Problem to solve: Copy the lines below as they are; omit the images they contain.

Data provided:
┄┄┄┄┄┄┄┄┄┄┄┄┄┄┄┄┄┄┄┄

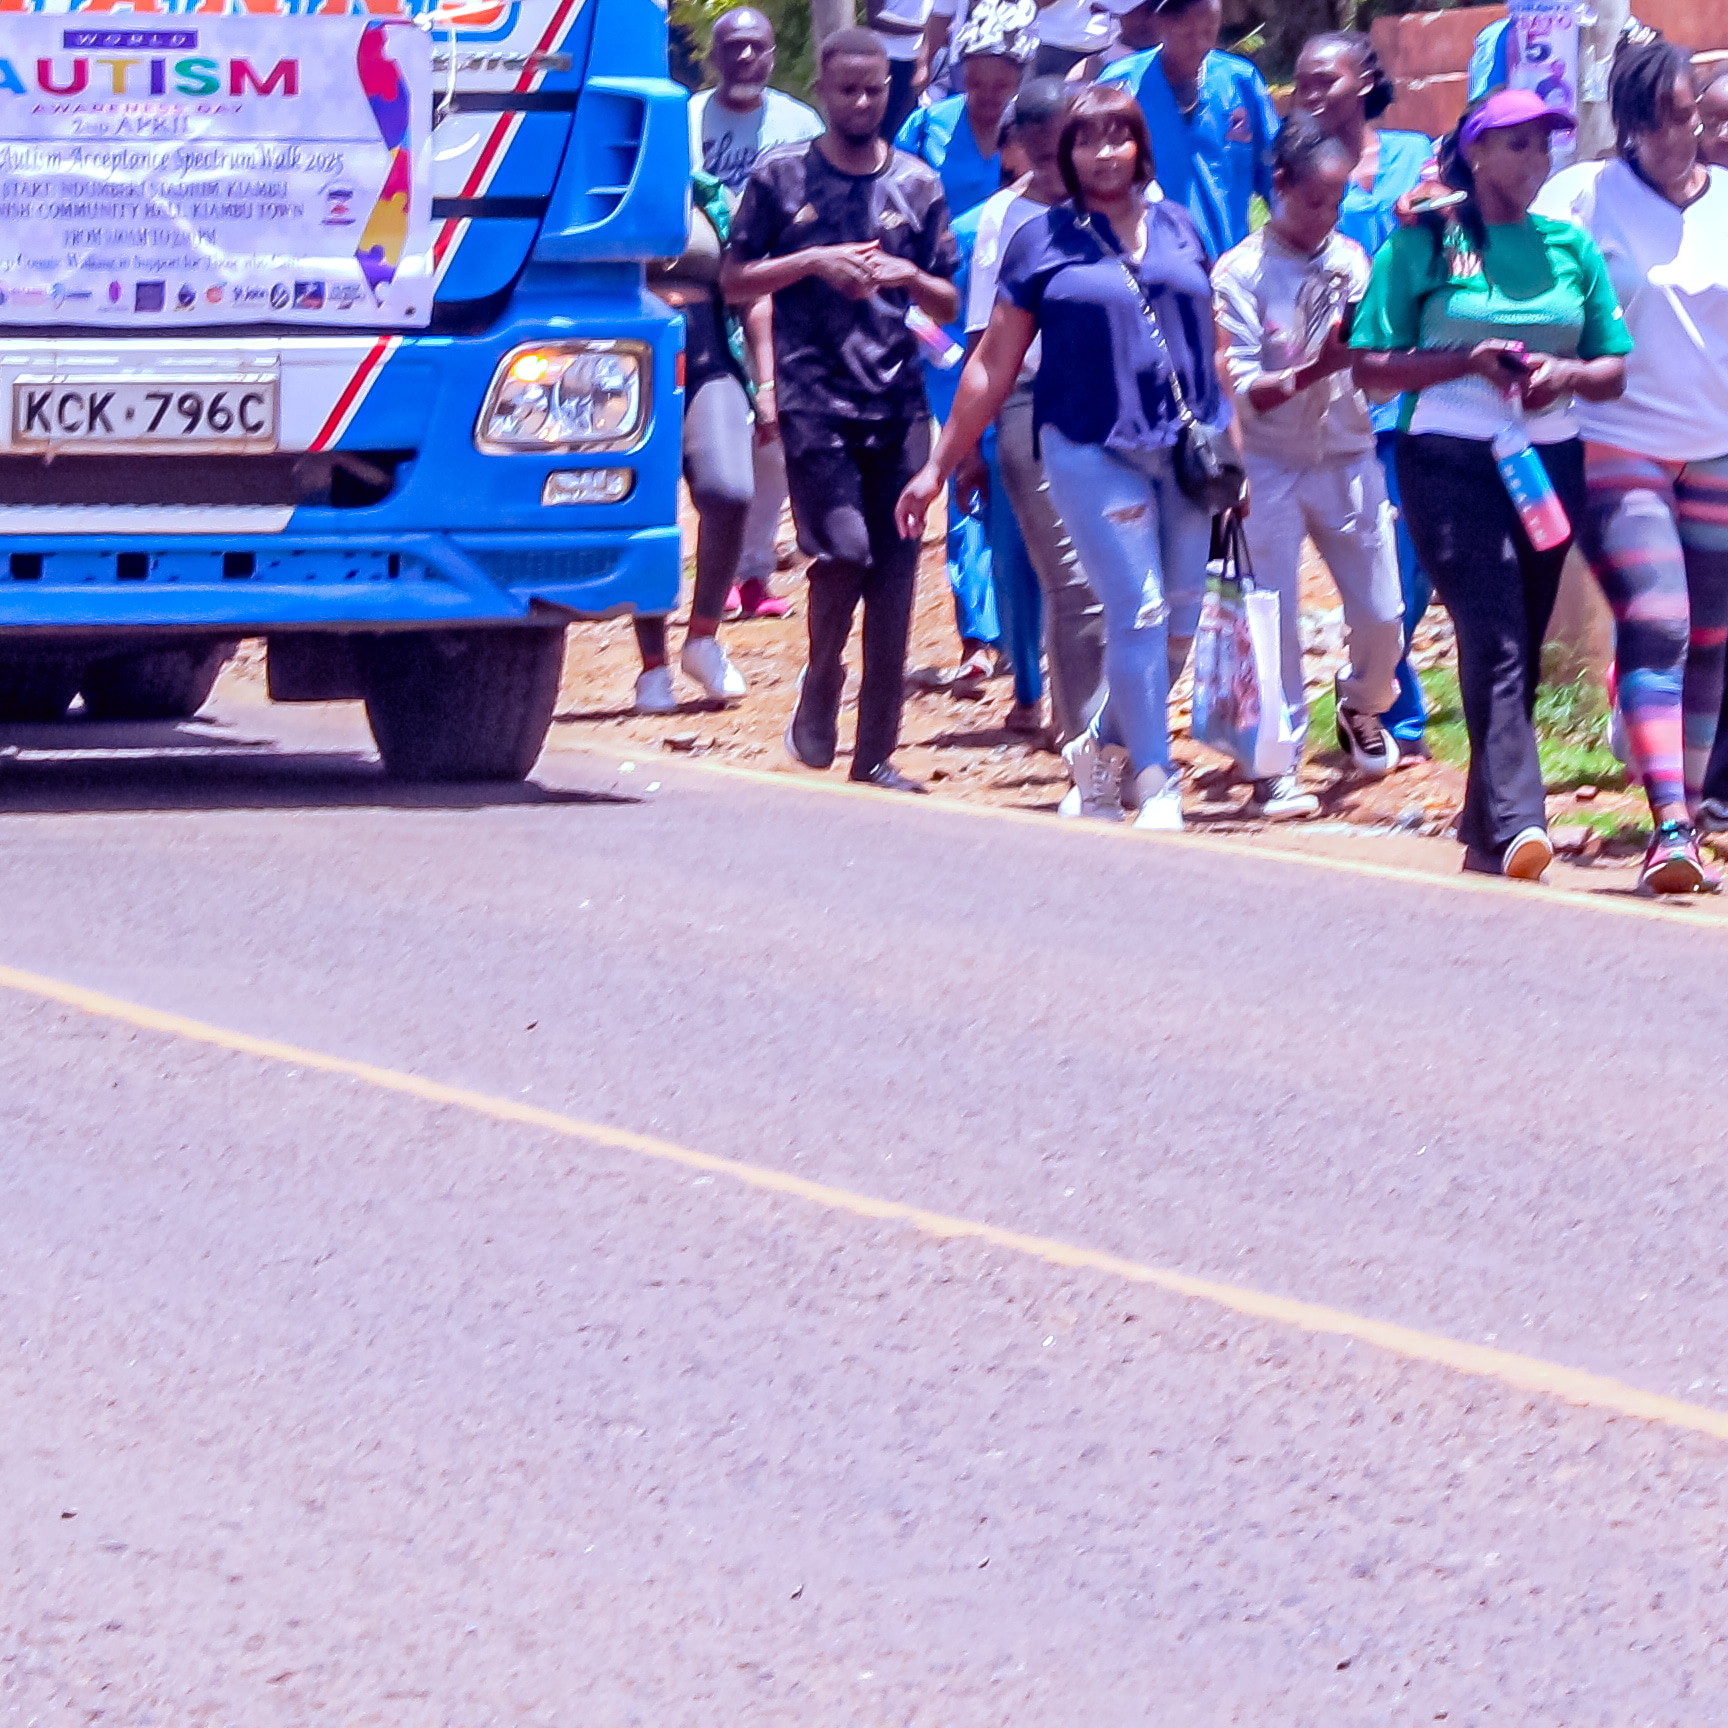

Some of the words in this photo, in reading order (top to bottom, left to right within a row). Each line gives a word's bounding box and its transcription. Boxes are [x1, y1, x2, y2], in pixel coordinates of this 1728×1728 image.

[196, 103, 244, 114] DAY
[62, 145, 173, 180] Acceptance
[176, 145, 256, 180] Spectrum
[257, 143, 302, 170] Walk
[307, 152, 344, 175] 2025
[25, 390, 117, 434] KCK
[144, 390, 266, 435] 796C
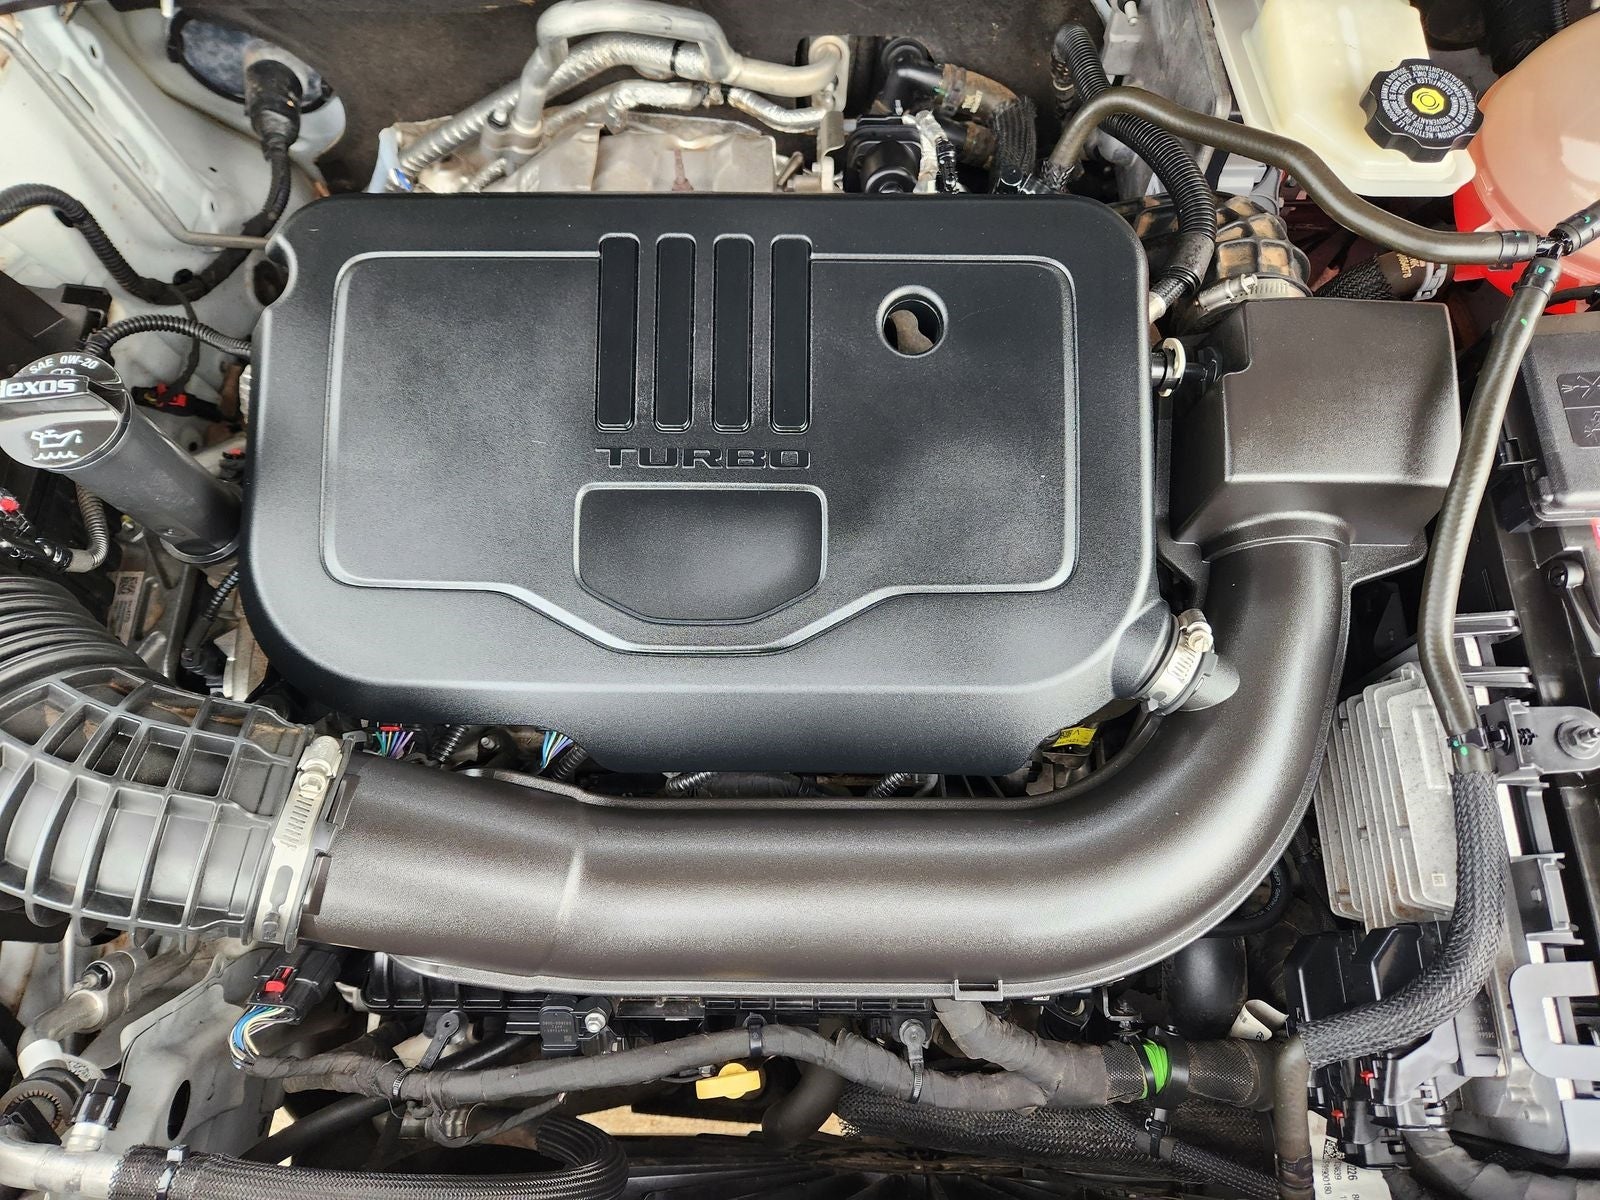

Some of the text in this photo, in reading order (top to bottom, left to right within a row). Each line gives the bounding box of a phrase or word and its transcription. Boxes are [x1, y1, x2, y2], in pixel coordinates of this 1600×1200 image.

[1428, 71, 1438, 79] USE
[1442, 70, 1463, 86] SEALED
[1395, 119, 1405, 127] LE
[1401, 115, 1412, 124] DU
[1410, 120, 1423, 130] QUE
[1403, 124, 1433, 138] NETTOYER
[30, 358, 54, 374] SAE
[595, 448, 810, 469] TURBO
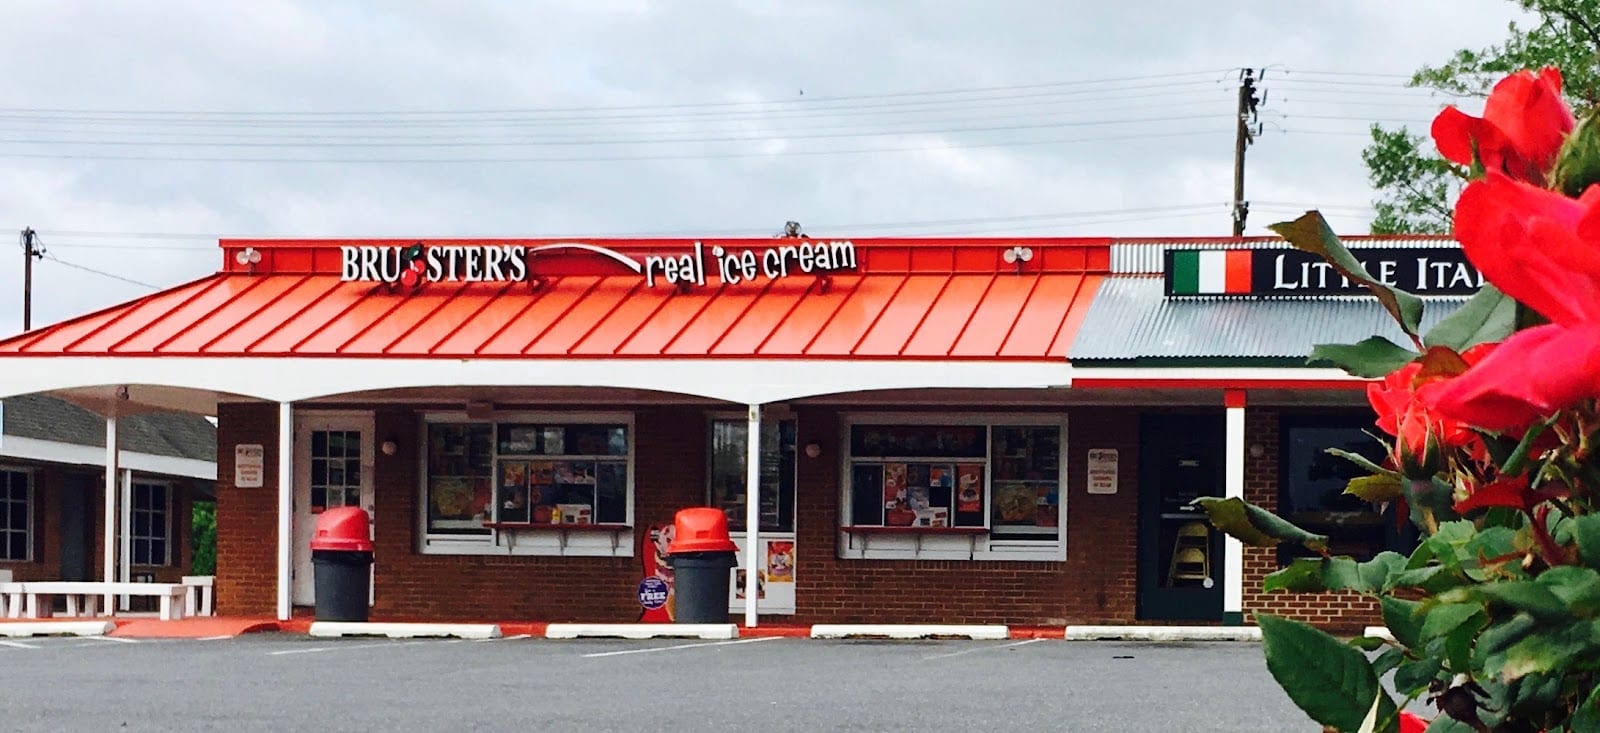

┄┄┄┄┄┄┄┄┄┄┄┄┄┄┄┄┄┄┄┄

Answer section:
Some of the words in this photo, in reading order (top to bottom, left to right within a row). Each line gives a word's bounding box and its transcription. Boxes are [x1, y1, x2, y2], in pixel coordinates of this 1728×1728 image.

[196, 103, 244, 114] DAY
[62, 145, 173, 180] Acceptance
[176, 145, 256, 180] Spectrum
[257, 143, 302, 170] Walk
[307, 152, 344, 175] 2025
[25, 390, 117, 434] KCK
[144, 390, 266, 435] 796C

Some of the text in this photo, in reading order (top to bottom, left to right within a row). Each line gives the bounding box of a phrase or word and its transcription. Boxes are [x1, y1, x2, y2], in pixel coordinates of this 1600×1200 image.

[1428, 71, 1438, 79] USE
[1442, 70, 1463, 86] SEALED
[1395, 119, 1405, 127] LE
[1401, 115, 1412, 124] DU
[1410, 120, 1423, 130] QUE
[1403, 124, 1433, 138] NETTOYER
[30, 358, 54, 374] SAE
[595, 448, 810, 469] TURBO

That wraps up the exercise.